Lockdowns and restrictions have affected the financial security of millions of people. While the short-term impact has been the focus, it could have a long-term effect on your financial security too if it affected your pension savings.
Over the last 18 months, those who faced financial uncertainty in the pandemic may have cut back pension contributions, stopped paying into their pension altogether, or even dipped into their savings. These actions can have a long-lasting impact at any point in your working life. But it’s particularly worrying for those who are nearing retirement.

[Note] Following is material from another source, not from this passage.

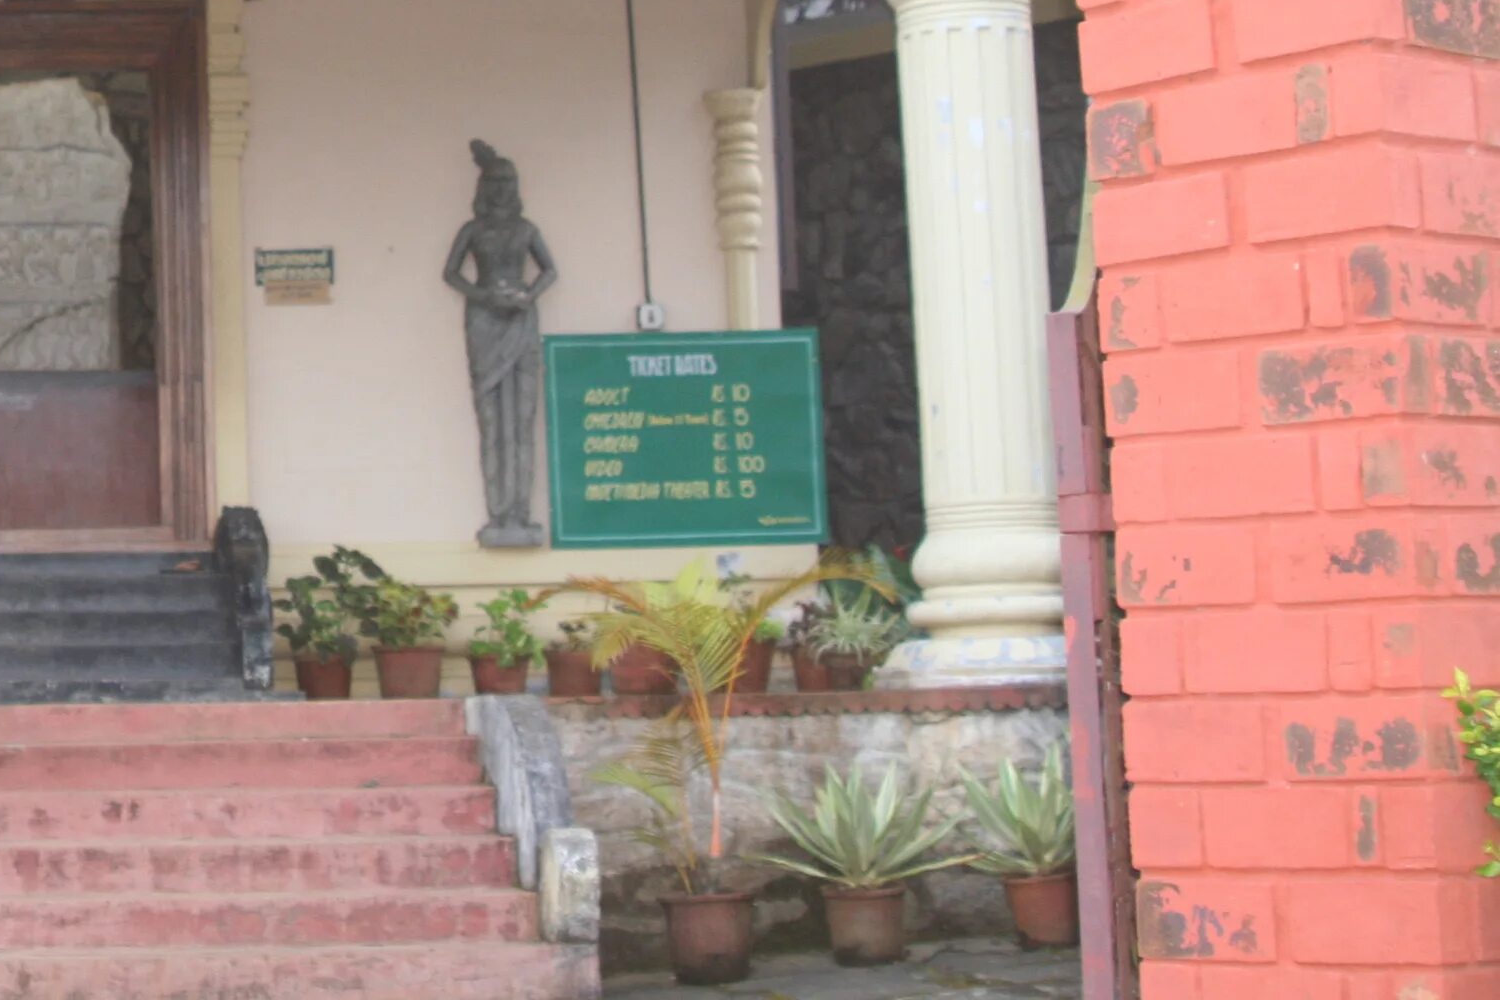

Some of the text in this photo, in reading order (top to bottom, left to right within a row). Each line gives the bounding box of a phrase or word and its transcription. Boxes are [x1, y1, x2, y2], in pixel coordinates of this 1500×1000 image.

The over-50s have been among the most affected by the pandemic. According to a Scottish Widows study, this age group were the most likely to face job and income losses. Almost a quarter (23%) of people in their 50s lost their job or income due to the impact of Covid-19.
This age group also has more self-employed workers. Some 17% of people in their 50s are self-employed, compared to only 12% of 25–49-year-olds. With less job security and gaps in government support, self-employed workers have faced challenges. More than half of self-employed workers said their finances have suffered.
As a result, it’s not surprising that more than half of over-50s fear running out of money in retirement.
Did you reduce or stop your pension contributions?
When money is tight, the first step is often to review where you can cut back. As your retirement might be some time away, reducing or stopping pension contributions can seem harmless. But the impact might be bigger than you think.
Your pension doesn’t only miss out on the contributions you make. You could also lose tax relief and employer contributions. On top of this, your pension is usually invested and benefits from the effects of compounding over the long term. A relatively small break or reduction in pension contributions can have a much larger impact when you assess the forecast value.
So, how does this affect your retirement?
In some cases, you’ll still be able to meet your retirement goals even though you’ve changed your pension contributions. But it’s important to check. A quick review means you can still look forward to your retirement in confidence or highlight where there may be a shortfall.
A pension shortfall doesn’t mean you have to give up retirement dreams. The sooner you know, the better the position you’ll be in to make changes. A small increase in pension contributions once you’re more financially secure could mean you bridge the gap by the time you retire.
What’s important is that you understand the long-term implications changing your pension contributions could have. If you’d like to talk to a financial planner, please contact us.
2 things to keep in mind if you’ve dipped into your pension savings early
If you’re over the age of 55, you may have accessed your pension to tide you over during the pandemic. While useful, you also need to consider whether it could affect your retirement lifestyle.
According to Scottish Widows, the number of over-55s dipping into their pension savings has jumped 10%. In the first three months of 2021 alone, 383,000 people withdrew money from their pensions. While some may be ready to retire, the jump suggests that thousands of people are using their pensions to cover the financial impact of the pandemic.
If you dipped into your pension early, here are two questions to answer.
1. Will it affect your retirement?
As with changing your pension contributions, you should first assess the impact of making an early pension withdrawal. Your pension is designed to provide you with an income throughout retirement. Taking a lump sum early could mean that you’re no longer on track to achieve the lifestyle you want.
Do you still have enough to reach your retirement goals, or do you need to increase your contributions? It can be difficult to understand how a pension will translate into an income. If you need some help with this, please contact us.
2. Has it reduced your Annual Allowance?
If you’re not ready to retire yet, you may want to continue paying into your pension. Accessing your pension can trigger the Money Purchase Annual Allowance (MPAA), which reduces the amount you can tax-efficiently save through a pension.
Usually, you can save up to £40,000 or 100% of your annual earnings, whichever is lower, into your pension each tax year while still benefiting from tax relief. However, once the MPAA is triggered, this is reduced to just £4,000. It can have a huge impact on the amount you’re able to tax-efficiently save between now and retirement, and, therefore, towards your retirement income.
If your pension savings have been affected, you don’t need to panic. There are often steps you can take to ensure your retirement plans stay on track. Being proactive and assessing the impact now means you can bridge a gap if necessary. Get in touch if you need to assess your pension.
Please note: This blog is for general information only and does not constitute advice. The information is aimed at retail clients only.
A pension is a long-term investment. The fund value may fluctuate and can go down, which would have an impact on the level of pension benefits available. Your pension income could also be affected by the interest rates at the time you take your benefits.
The tax implications of pension withdrawals will be based on your individual circumstances, tax legislation and regulation, which are subject to change in the future.